#### WHAT TO DO
What is needed is an exact copy of the entries below, with every picture left out.
--------------------------------
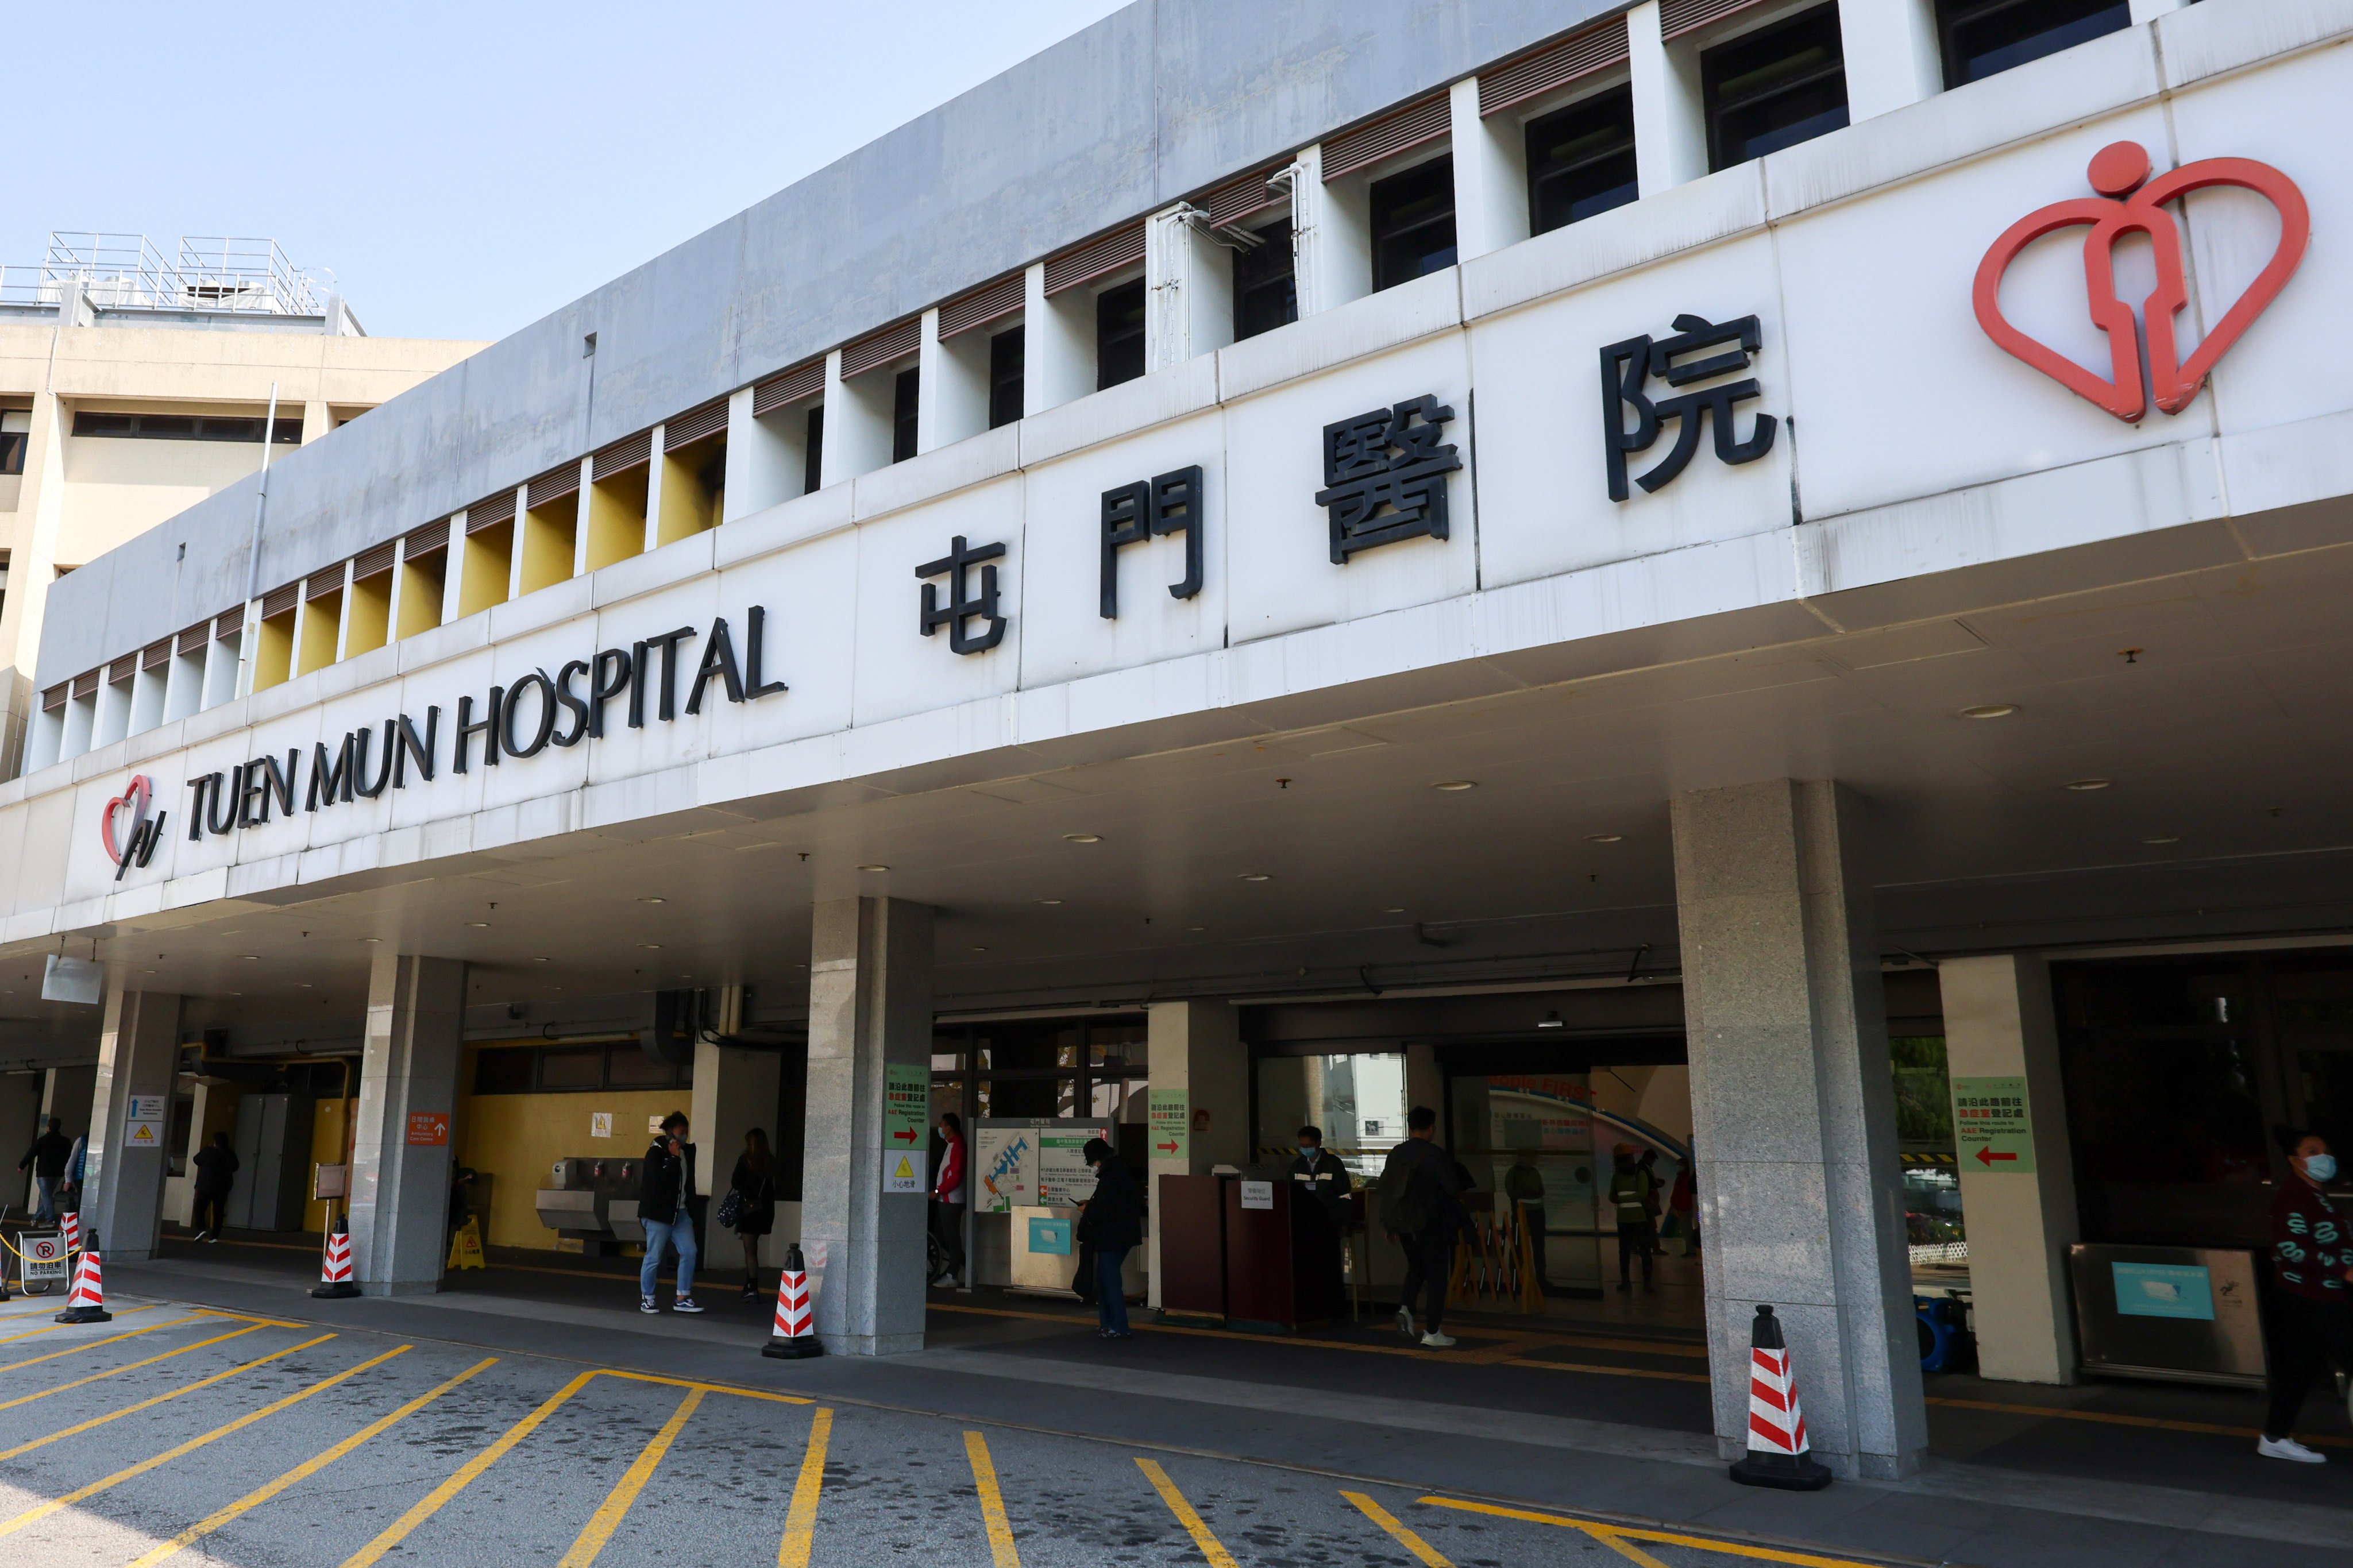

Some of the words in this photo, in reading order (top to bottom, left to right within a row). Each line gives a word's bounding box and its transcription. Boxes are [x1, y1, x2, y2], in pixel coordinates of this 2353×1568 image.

[915, 314, 1776, 655] 屯門醫院
[187, 748, 299, 841] TUEN
[305, 705, 439, 812] MUN
[453, 605, 788, 774] HOSPITAL
[889, 1082, 925, 1092] 請沿此路前往
[1488, 1074, 1536, 1090] eople
[1543, 1077, 1596, 1100] FIRS
[1957, 1098, 2023, 1106] 請沿此路前往
[1959, 1109, 2024, 1118] 急症室登記處
[893, 1180, 916, 1188] 小心地滑
--------------------------------
#### WRITTEN REPLY
Some of the words in this photo, in reading order (top to bottom, left to right within a row). Each line gives a word's bounding box and its transcription. Boxes are [x1, y1, x2, y2], in pixel coordinates of this 2353×1568 image.

[915, 314, 1776, 655] 屯門醫院
[187, 748, 299, 841] TUEN
[305, 705, 439, 812] MUN
[453, 605, 788, 774] HOSPITAL
[889, 1082, 925, 1092] 請沿此路前往
[1488, 1074, 1536, 1090] eople
[1543, 1077, 1596, 1100] FIRS
[1957, 1098, 2023, 1106] 請沿此路前往
[1959, 1109, 2024, 1118] 急症室登記處
[893, 1180, 916, 1188] 小心地滑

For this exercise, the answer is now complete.